Task item » Repeat every record word for word and omit the images.

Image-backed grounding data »
-.-.-
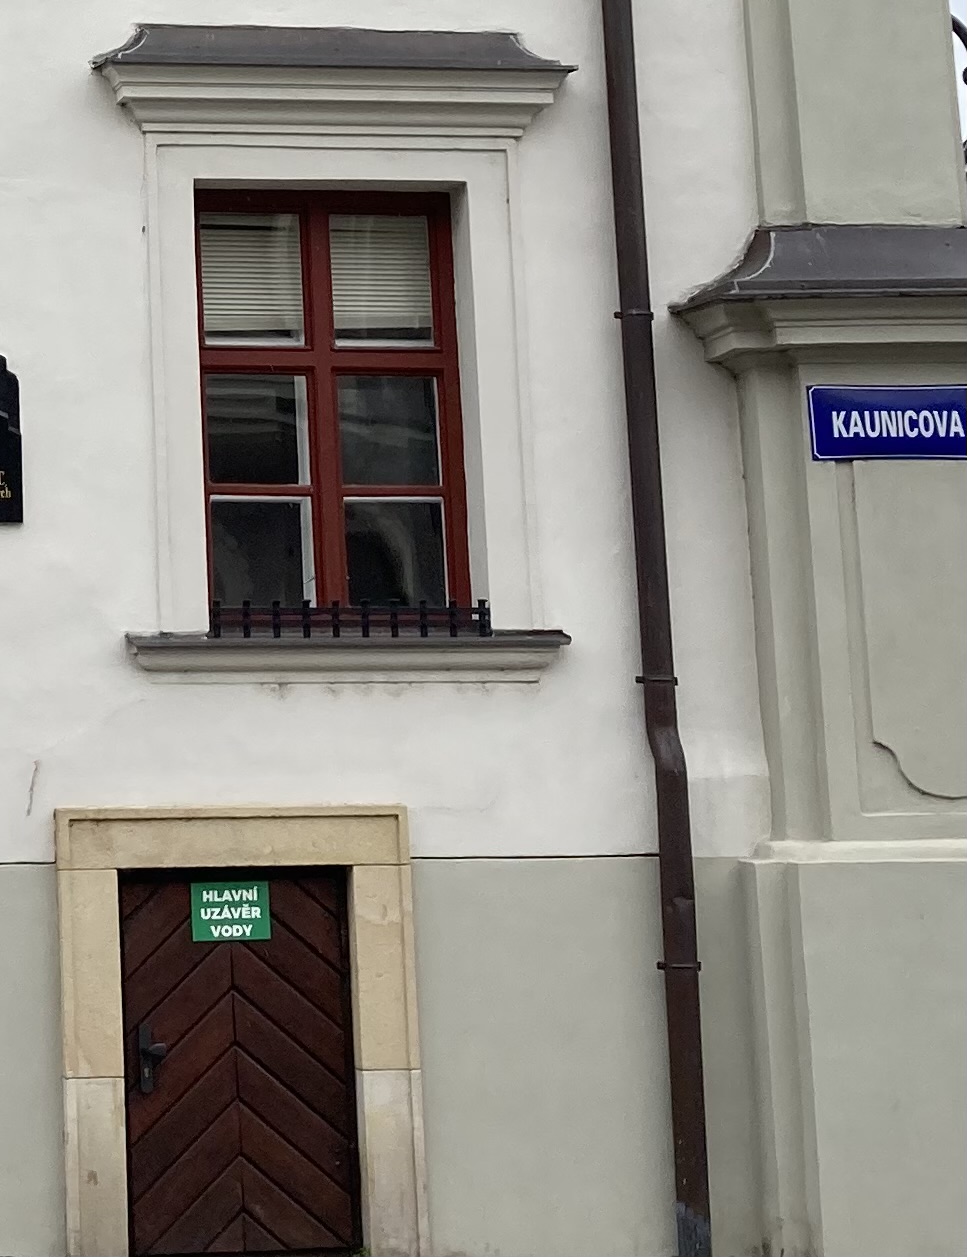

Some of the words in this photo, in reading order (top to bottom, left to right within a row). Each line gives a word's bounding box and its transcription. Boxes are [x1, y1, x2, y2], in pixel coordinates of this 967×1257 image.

[832, 410, 965, 437] KAUNICOVA
[202, 886, 258, 902] HLAVNÍ
[200, 904, 261, 920] UZÁVĚR
[210, 924, 253, 937] VODY
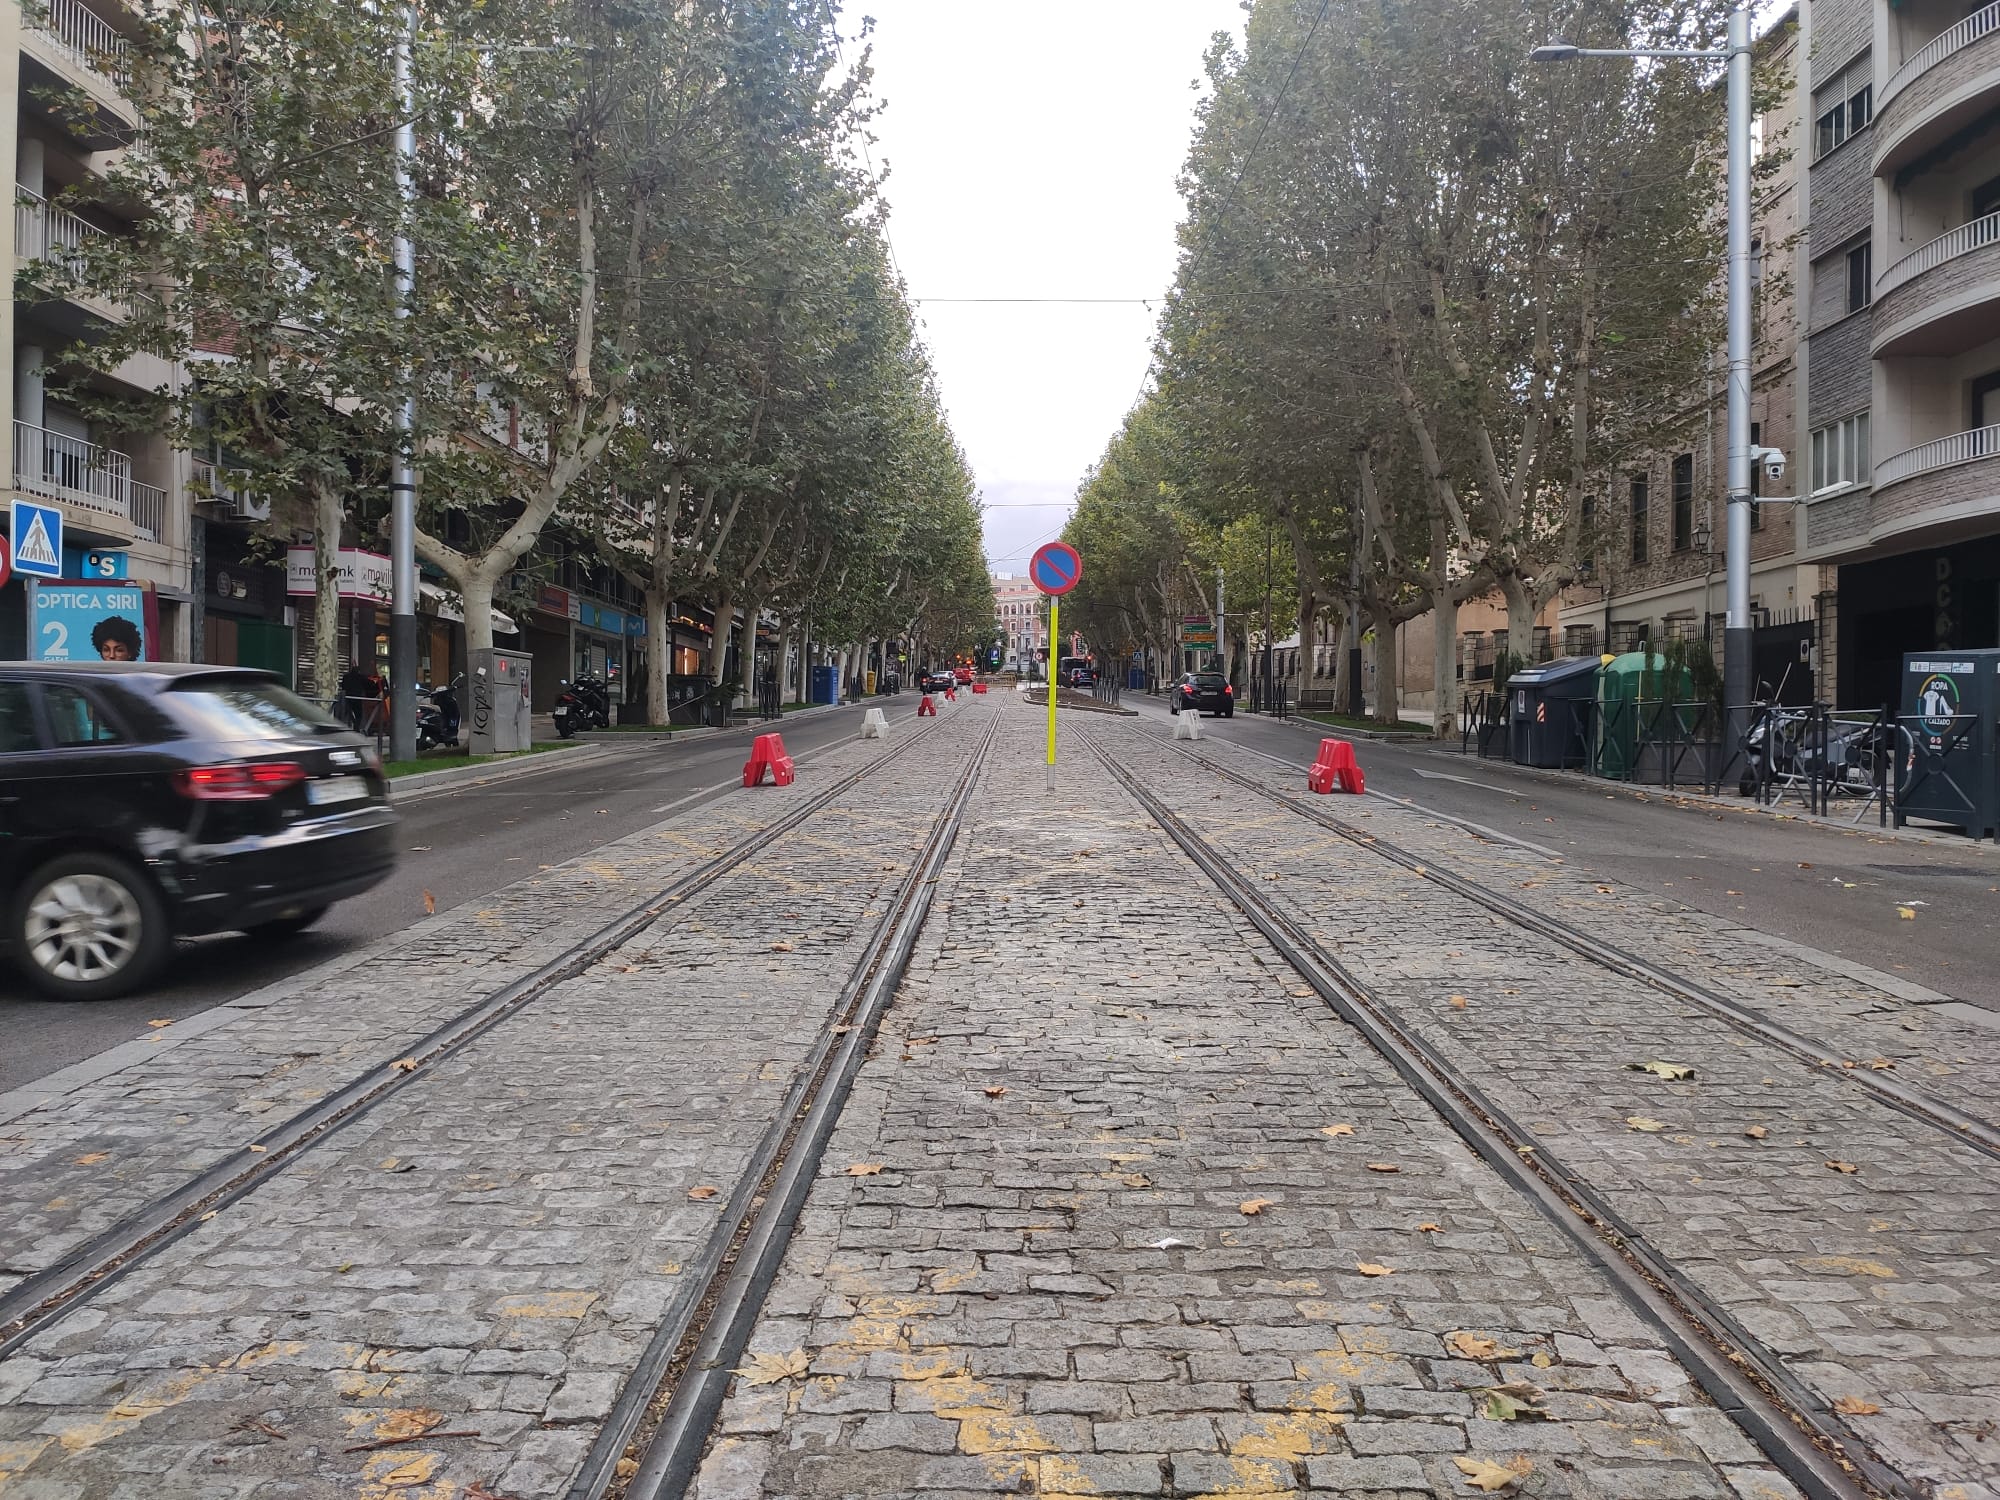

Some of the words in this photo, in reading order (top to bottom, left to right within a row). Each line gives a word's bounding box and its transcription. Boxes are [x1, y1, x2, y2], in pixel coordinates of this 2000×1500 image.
-.-.-
Output of the exercise »
Some of the words in this photo, in reading order (top to bottom, left to right within a row). Each line gives a word's bounding box and its transcription. Boxes are [x1, y1, x2, y2], in pixel coordinates of this 967×1257 image.

[832, 410, 965, 437] KAUNICOVA
[202, 886, 258, 902] HLAVNÍ
[200, 904, 261, 920] UZÁVĚR
[210, 924, 253, 937] VODY

Some of the words in this photo, in reading order (top to bottom, left to right within a row). Each line gives a word's bounding box and its transcription. Boxes are [x1, y1, x2, y2], in pixel coordinates of this 2000×1500 image.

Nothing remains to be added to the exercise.